It’s STI Girl Summer. Arm Yourself


We don’t want to accept the basic facts about STIs (that they are common, often silent, and morally neutral) because we’re busy denying that we are the kind of people who have the kind of sex that has consequences. The reality is that all sex has consequences.

Didn’t STI rates go down during the pandemic?

It would be reasonable to assume that STI cases have gone down during the pandemic. Most people have at least curbed their socializing, even if social distancing hasn’t been embraced across the board.
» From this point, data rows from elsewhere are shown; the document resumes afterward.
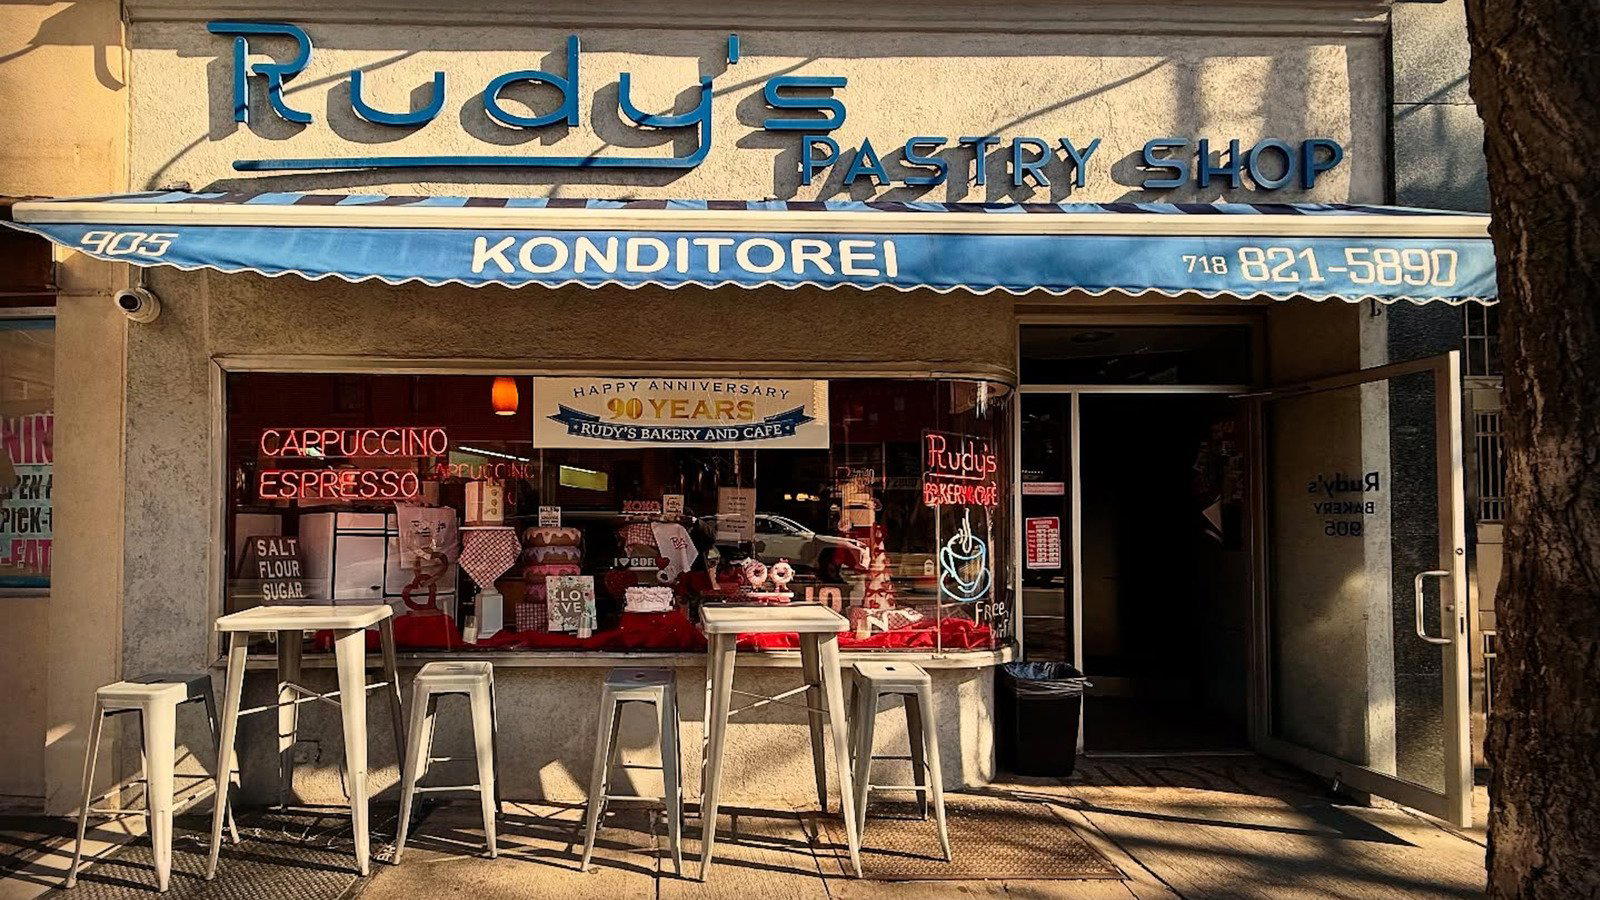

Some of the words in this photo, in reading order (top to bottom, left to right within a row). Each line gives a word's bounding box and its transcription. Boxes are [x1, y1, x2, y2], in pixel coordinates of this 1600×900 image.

[207, 21, 848, 172] Rudy's
[801, 136, 1101, 188] PASTRY
[1142, 137, 1344, 191] SHOP
[80, 230, 180, 257] 905
[471, 236, 898, 278] KONDITOREI
[1182, 254, 1228, 275] 718
[1237, 246, 1459, 287] 821-5890
[573, 381, 638, 399] HAPPY
[648, 380, 790, 400] ANNIVERSARY
[607, 397, 643, 420] 90
[648, 398, 755, 420] YEARS
[261, 429, 448, 456] CAPPUCCINO
[581, 422, 637, 438] RUDY'S
[641, 427, 701, 440] BAKERY
[704, 427, 739, 440] AND
[743, 424, 782, 438] CAFE
[926, 434, 997, 480] Rudy's
[259, 470, 419, 498] ESPRESSO
[257, 539, 297, 557] SALT
[259, 560, 301, 578] FLOUR
[262, 581, 304, 600] SUGAR
But a couple of major factors of pandemic living spell public health catastrophe: One is that many people have avoided routine checkups, including the kind of doctor visit where you would get a quick STI screening. Even if you were willing to risk it, testing was less available—a survey by the National Coalition of STD Directors found that during the pandemic, 60% of clinics had reduced capacity to treat STIs. Many clinics shuttered. And, Park points out, in the second half of 2020 there was actually a shortage of STI testing materials, since items like swabs were being redirected toward COVID testing. Even though early 2020 statistics show that STI case numbers have gone down, experts think that just doesn’t reflect the reality.

And STI numbers are only likely to get worse. As social distancing restrictions lift, people will likely have more sex partners. And after more than a year spent avoiding human contact, some may have a sense that surviving a disaster means they’re invincible. “They’re going to feel a sense of freedom,” says Park. “And a sense of ‘I deserve to have condom-less sex because I’ve held out for so long.’” But that just doesn’t make scientific sense—syphilis doesn’t care that you have spike protein antibodies.

Yeah, but I won’t get an STI, because I’m careful

Oh, I know. You only have sex with people you trust! “Most STIs are asymptomatic,” says Park. “Most of the time people don’t even know that they have something when they pass it on to you.” This is something I would like to print on business cards and pass to people when I hear nonsense about STIs. It’s not a matter of knowing or trusting your partner.

Fewer people are using condoms than you may think. “Some students say, ‘Oh, I always use a condom,’ and others almost never,” says Wade. “Often it’s the woman who wants to use them and then men will make it weird, and then women don’t ask because they don’t want men to push back.”

But of course, this doesn’t apply to you! You’re smart. You use condoms! And that’s hugely important. But keep in mind: Condoms protect from some STIs, not all of them. And condoms don’t protect at all from STIs passed during oral sex (unless you use a barrier for oral sex, which most people don’t). “A lot of people think of oral sex as safer sex, but we know that oral sex can also transmit gonorrhea, chlamydia, and syphillis,” says Park.

So what am I supposed to do if I don’t want to be a nun?

“Living in fear of catching an STI is no way to conduct your sex life,” says Park. “Because it’s futile.” Instead, you should follow best practices. Ideally, she says, you should have one partner at a time, use barriers (like condoms), and get tested between partners. “Having concurrent partners is one of the easiest ways to spread both STIs and HIV,” she says.

In the context of modern dating, that’s not always realistic for many people. The next best thing is always using barriers and getting tested regularly. That way, you reduce your risk of contracting an infection, and you make sure that you catch an infection if you do get one. “I have patients who change partners really rapidly and have a lot of concurrent relationships, and they test every two months,” says Park. Getting an STI test is quick and easy—much easier than dealing with long-term health effects if it later turns out you’ve had a silent STI for months or years.

How bad is it if I do get a common STI?

For the more common STIs—syphilis, gonorrhea, or chlamydia—“the prognosis is fantastic if you can catch it early,” says Park. “We have really effective antibiotic treatment, some of which can be given with one dose and then cured. The thing is, for folks who have a silent infection, especially women, it can climb up into the fallopian tubes and into the uterus and can cause scarring or pelvic inflammatory disease. And repeated infections increase the risks of all those complications.”